* [WORK ITEM]
Repeat the data exactly as it appears.
-------- INFORMATION GIVEN
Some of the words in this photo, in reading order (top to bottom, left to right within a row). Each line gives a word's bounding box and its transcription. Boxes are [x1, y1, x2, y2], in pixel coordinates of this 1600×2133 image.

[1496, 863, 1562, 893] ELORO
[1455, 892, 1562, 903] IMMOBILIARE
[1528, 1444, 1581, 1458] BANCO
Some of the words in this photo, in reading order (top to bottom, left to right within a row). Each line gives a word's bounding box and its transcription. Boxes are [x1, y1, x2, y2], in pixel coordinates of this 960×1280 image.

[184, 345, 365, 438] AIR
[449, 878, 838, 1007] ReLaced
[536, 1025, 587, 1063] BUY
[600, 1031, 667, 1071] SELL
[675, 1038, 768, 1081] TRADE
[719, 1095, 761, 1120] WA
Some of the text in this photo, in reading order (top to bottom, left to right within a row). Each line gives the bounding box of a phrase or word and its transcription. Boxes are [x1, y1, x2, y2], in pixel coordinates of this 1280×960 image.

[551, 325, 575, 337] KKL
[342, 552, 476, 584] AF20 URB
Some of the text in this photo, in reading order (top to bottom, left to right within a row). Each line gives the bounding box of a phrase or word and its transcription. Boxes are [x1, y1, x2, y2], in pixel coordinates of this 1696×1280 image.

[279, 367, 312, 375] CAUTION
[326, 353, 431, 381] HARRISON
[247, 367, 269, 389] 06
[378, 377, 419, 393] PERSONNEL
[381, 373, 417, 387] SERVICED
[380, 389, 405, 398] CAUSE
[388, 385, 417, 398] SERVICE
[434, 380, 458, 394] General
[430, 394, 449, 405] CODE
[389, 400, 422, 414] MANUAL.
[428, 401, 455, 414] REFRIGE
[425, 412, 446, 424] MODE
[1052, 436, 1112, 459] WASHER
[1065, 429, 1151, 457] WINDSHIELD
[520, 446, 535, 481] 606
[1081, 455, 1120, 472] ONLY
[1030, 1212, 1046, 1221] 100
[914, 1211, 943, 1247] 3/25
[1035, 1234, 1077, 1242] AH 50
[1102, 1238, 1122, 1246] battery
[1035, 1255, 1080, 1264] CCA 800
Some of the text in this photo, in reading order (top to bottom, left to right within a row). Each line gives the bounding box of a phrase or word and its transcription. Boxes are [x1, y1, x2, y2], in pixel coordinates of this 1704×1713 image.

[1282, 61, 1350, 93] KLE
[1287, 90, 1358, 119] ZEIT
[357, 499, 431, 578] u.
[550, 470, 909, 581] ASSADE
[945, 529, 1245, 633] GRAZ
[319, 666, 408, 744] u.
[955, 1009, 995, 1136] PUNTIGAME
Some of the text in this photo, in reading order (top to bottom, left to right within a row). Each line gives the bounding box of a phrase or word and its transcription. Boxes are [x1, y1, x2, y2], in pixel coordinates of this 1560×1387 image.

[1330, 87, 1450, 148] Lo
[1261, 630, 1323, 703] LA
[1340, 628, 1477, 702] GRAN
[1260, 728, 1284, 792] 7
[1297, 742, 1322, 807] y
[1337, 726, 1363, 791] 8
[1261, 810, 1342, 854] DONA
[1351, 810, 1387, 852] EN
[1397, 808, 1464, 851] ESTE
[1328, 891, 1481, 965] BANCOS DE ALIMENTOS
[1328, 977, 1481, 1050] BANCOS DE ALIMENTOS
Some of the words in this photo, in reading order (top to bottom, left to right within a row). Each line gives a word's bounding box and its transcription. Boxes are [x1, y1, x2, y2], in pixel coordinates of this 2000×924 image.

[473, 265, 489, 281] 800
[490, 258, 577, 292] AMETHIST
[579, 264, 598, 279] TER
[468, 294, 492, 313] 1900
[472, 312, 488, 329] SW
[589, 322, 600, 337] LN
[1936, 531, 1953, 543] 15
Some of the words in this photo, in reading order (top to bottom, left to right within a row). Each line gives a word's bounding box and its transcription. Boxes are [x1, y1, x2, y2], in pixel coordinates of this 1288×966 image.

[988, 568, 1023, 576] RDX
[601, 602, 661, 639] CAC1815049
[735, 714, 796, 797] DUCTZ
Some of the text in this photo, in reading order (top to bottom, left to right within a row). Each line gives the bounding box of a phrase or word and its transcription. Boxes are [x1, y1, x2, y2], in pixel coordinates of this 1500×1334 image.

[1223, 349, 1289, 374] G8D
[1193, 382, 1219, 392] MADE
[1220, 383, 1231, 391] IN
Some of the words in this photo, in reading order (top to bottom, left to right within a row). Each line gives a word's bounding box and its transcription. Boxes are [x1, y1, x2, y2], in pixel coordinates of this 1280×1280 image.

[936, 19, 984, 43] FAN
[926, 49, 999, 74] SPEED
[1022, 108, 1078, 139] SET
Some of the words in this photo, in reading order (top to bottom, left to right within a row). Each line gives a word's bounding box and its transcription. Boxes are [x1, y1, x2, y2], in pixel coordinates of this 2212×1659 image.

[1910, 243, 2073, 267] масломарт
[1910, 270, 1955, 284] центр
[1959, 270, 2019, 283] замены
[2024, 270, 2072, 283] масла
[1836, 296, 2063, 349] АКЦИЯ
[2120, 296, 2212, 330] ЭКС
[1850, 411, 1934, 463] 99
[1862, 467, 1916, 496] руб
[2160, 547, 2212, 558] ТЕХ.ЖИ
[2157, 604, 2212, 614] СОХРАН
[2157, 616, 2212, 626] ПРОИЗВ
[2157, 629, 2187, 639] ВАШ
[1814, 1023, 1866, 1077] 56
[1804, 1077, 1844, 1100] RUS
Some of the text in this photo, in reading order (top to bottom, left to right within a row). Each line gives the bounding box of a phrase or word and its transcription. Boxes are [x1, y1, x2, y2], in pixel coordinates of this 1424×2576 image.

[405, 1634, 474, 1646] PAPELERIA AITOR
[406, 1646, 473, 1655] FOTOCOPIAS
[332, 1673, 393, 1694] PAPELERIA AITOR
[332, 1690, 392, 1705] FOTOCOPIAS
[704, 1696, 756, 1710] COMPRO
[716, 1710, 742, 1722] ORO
----------------
* [ANSWER SECTION]
Some of the words in this photo, in reading order (top to bottom, left to right within a row). Each line gives a word's bounding box and its transcription. Boxes are [x1, y1, x2, y2], in pixel coordinates of this 1600×2133 image.

[1496, 863, 1562, 893] ELORO
[1455, 892, 1562, 903] IMMOBILIARE
[1528, 1444, 1581, 1458] BANCO
Some of the words in this photo, in reading order (top to bottom, left to right within a row). Each line gives a word's bounding box and its transcription. Boxes are [x1, y1, x2, y2], in pixel coordinates of this 960×1280 image.

[184, 345, 365, 438] AIR
[449, 878, 838, 1007] ReLaced
[536, 1025, 587, 1063] BUY
[600, 1031, 667, 1071] SELL
[675, 1038, 768, 1081] TRADE
[719, 1095, 761, 1120] WA
Some of the text in this photo, in reading order (top to bottom, left to right within a row). Each line gives the bounding box of a phrase or word and its transcription. Boxes are [x1, y1, x2, y2], in pixel coordinates of this 1280×960 image.

[551, 325, 575, 337] KKL
[342, 552, 476, 584] AF20 URB
Some of the text in this photo, in reading order (top to bottom, left to right within a row). Each line gives the bounding box of a phrase or word and its transcription. Boxes are [x1, y1, x2, y2], in pixel coordinates of this 1696×1280 image.

[279, 367, 312, 375] CAUTION
[326, 353, 431, 381] HARRISON
[247, 367, 269, 389] 06
[378, 377, 419, 393] PERSONNEL
[381, 373, 417, 387] SERVICED
[380, 389, 405, 398] CAUSE
[388, 385, 417, 398] SERVICE
[434, 380, 458, 394] General
[430, 394, 449, 405] CODE
[389, 400, 422, 414] MANUAL.
[428, 401, 455, 414] REFRIGE
[425, 412, 446, 424] MODE
[1052, 436, 1112, 459] WASHER
[1065, 429, 1151, 457] WINDSHIELD
[520, 446, 535, 481] 606
[1081, 455, 1120, 472] ONLY
[1030, 1212, 1046, 1221] 100
[914, 1211, 943, 1247] 3/25
[1035, 1234, 1077, 1242] AH 50
[1102, 1238, 1122, 1246] battery
[1035, 1255, 1080, 1264] CCA 800
Some of the text in this photo, in reading order (top to bottom, left to right within a row). Each line gives the bounding box of a phrase or word and its transcription. Boxes are [x1, y1, x2, y2], in pixel coordinates of this 1704×1713 image.

[1282, 61, 1350, 93] KLE
[1287, 90, 1358, 119] ZEIT
[357, 499, 431, 578] u.
[550, 470, 909, 581] ASSADE
[945, 529, 1245, 633] GRAZ
[319, 666, 408, 744] u.
[955, 1009, 995, 1136] PUNTIGAME
Some of the text in this photo, in reading order (top to bottom, left to right within a row). Each line gives the bounding box of a phrase or word and its transcription. Boxes are [x1, y1, x2, y2], in pixel coordinates of this 1560×1387 image.

[1330, 87, 1450, 148] Lo
[1261, 630, 1323, 703] LA
[1340, 628, 1477, 702] GRAN
[1260, 728, 1284, 792] 7
[1297, 742, 1322, 807] y
[1337, 726, 1363, 791] 8
[1261, 810, 1342, 854] DONA
[1351, 810, 1387, 852] EN
[1397, 808, 1464, 851] ESTE
[1328, 891, 1481, 965] BANCOS DE ALIMENTOS
[1328, 977, 1481, 1050] BANCOS DE ALIMENTOS
Some of the words in this photo, in reading order (top to bottom, left to right within a row). Each line gives a word's bounding box and its transcription. Boxes are [x1, y1, x2, y2], in pixel coordinates of this 2000×924 image.

[473, 265, 489, 281] 800
[490, 258, 577, 292] AMETHIST
[579, 264, 598, 279] TER
[468, 294, 492, 313] 1900
[472, 312, 488, 329] SW
[589, 322, 600, 337] LN
[1936, 531, 1953, 543] 15
Some of the words in this photo, in reading order (top to bottom, left to right within a row). Each line gives a word's bounding box and its transcription. Boxes are [x1, y1, x2, y2], in pixel coordinates of this 1288×966 image.

[988, 568, 1023, 576] RDX
[601, 602, 661, 639] CAC1815049
[735, 714, 796, 797] DUCTZ
Some of the text in this photo, in reading order (top to bottom, left to right within a row). Each line gives the bounding box of a phrase or word and its transcription. Boxes are [x1, y1, x2, y2], in pixel coordinates of this 1500×1334 image.

[1223, 349, 1289, 374] G8D
[1193, 382, 1219, 392] MADE
[1220, 383, 1231, 391] IN
Some of the words in this photo, in reading order (top to bottom, left to right within a row). Each line gives a word's bounding box and its transcription. Boxes are [x1, y1, x2, y2], in pixel coordinates of this 1280×1280 image.

[936, 19, 984, 43] FAN
[926, 49, 999, 74] SPEED
[1022, 108, 1078, 139] SET
Some of the words in this photo, in reading order (top to bottom, left to right within a row). Each line gives a word's bounding box and its transcription. Boxes are [x1, y1, x2, y2], in pixel coordinates of this 2212×1659 image.

[1910, 243, 2073, 267] масломарт
[1910, 270, 1955, 284] центр
[1959, 270, 2019, 283] замены
[2024, 270, 2072, 283] масла
[1836, 296, 2063, 349] АКЦИЯ
[2120, 296, 2212, 330] ЭКС
[1850, 411, 1934, 463] 99
[1862, 467, 1916, 496] руб
[2160, 547, 2212, 558] ТЕХ.ЖИ
[2157, 604, 2212, 614] СОХРАН
[2157, 616, 2212, 626] ПРОИЗВ
[2157, 629, 2187, 639] ВАШ
[1814, 1023, 1866, 1077] 56
[1804, 1077, 1844, 1100] RUS
Some of the text in this photo, in reading order (top to bottom, left to right within a row). Each line gives the bounding box of a phrase or word and its transcription. Boxes are [x1, y1, x2, y2], in pixel coordinates of this 1424×2576 image.

[405, 1634, 474, 1646] PAPELERIA AITOR
[406, 1646, 473, 1655] FOTOCOPIAS
[332, 1673, 393, 1694] PAPELERIA AITOR
[332, 1690, 392, 1705] FOTOCOPIAS
[704, 1696, 756, 1710] COMPRO
[716, 1710, 742, 1722] ORO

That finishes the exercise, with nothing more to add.